EXTRACTED INFORMATION below:
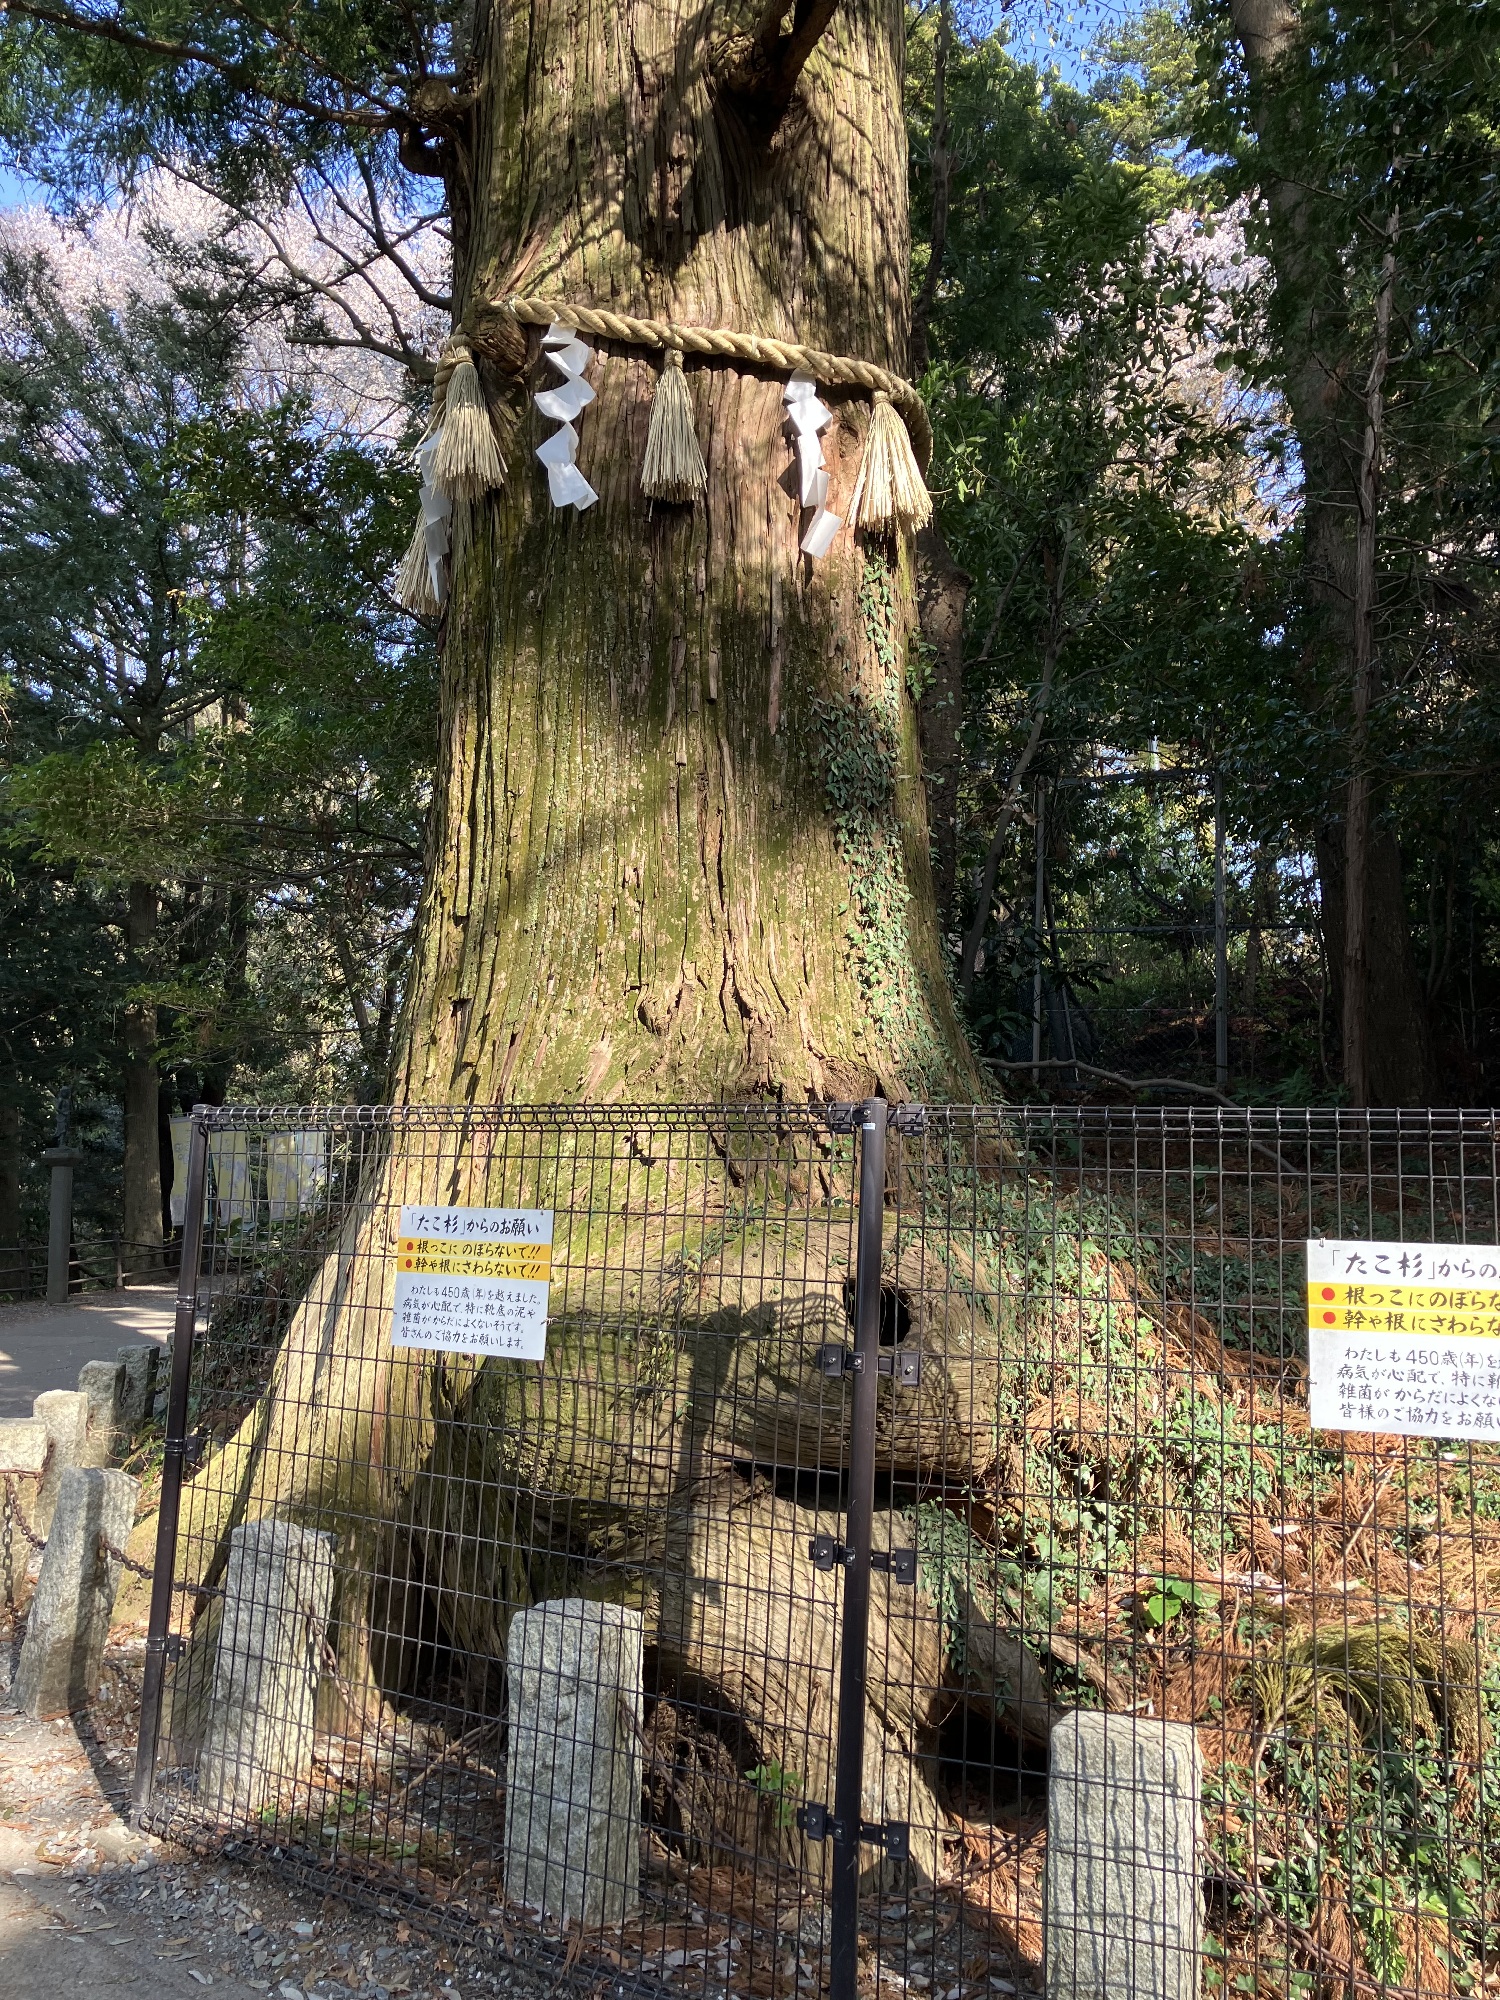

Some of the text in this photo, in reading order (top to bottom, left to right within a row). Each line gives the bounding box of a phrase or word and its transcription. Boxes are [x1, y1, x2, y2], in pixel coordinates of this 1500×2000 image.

[410, 1212, 539, 1237] 「たこ杉」からのお願い
[1332, 1249, 1500, 1280] 「たこ杉」からの
[1344, 1347, 1500, 1370] わたしも450歳(年)を
[1339, 1382, 1500, 1408] 雑菌がからだによくな
[1339, 1402, 1500, 1429] 皆様のご協力をお願
End of EXTRACTED INFORMATION.
■ **TASK DETAILS**
The records are to be retyped in full and exactly, with no image carried over.

■ **SOLUTION BELOW**
Some of the text in this photo, in reading order (top to bottom, left to right within a row). Each line gives the bounding box of a phrase or word and its transcription. Boxes are [x1, y1, x2, y2], in pixel coordinates of this 1500×2000 image.

[410, 1212, 539, 1237] 「たこ杉」からのお願い
[1332, 1249, 1500, 1280] 「たこ杉」からの
[1344, 1347, 1500, 1370] わたしも450歳(年)を
[1339, 1382, 1500, 1408] 雑菌がからだによくな
[1339, 1402, 1500, 1429] 皆様のご協力をお願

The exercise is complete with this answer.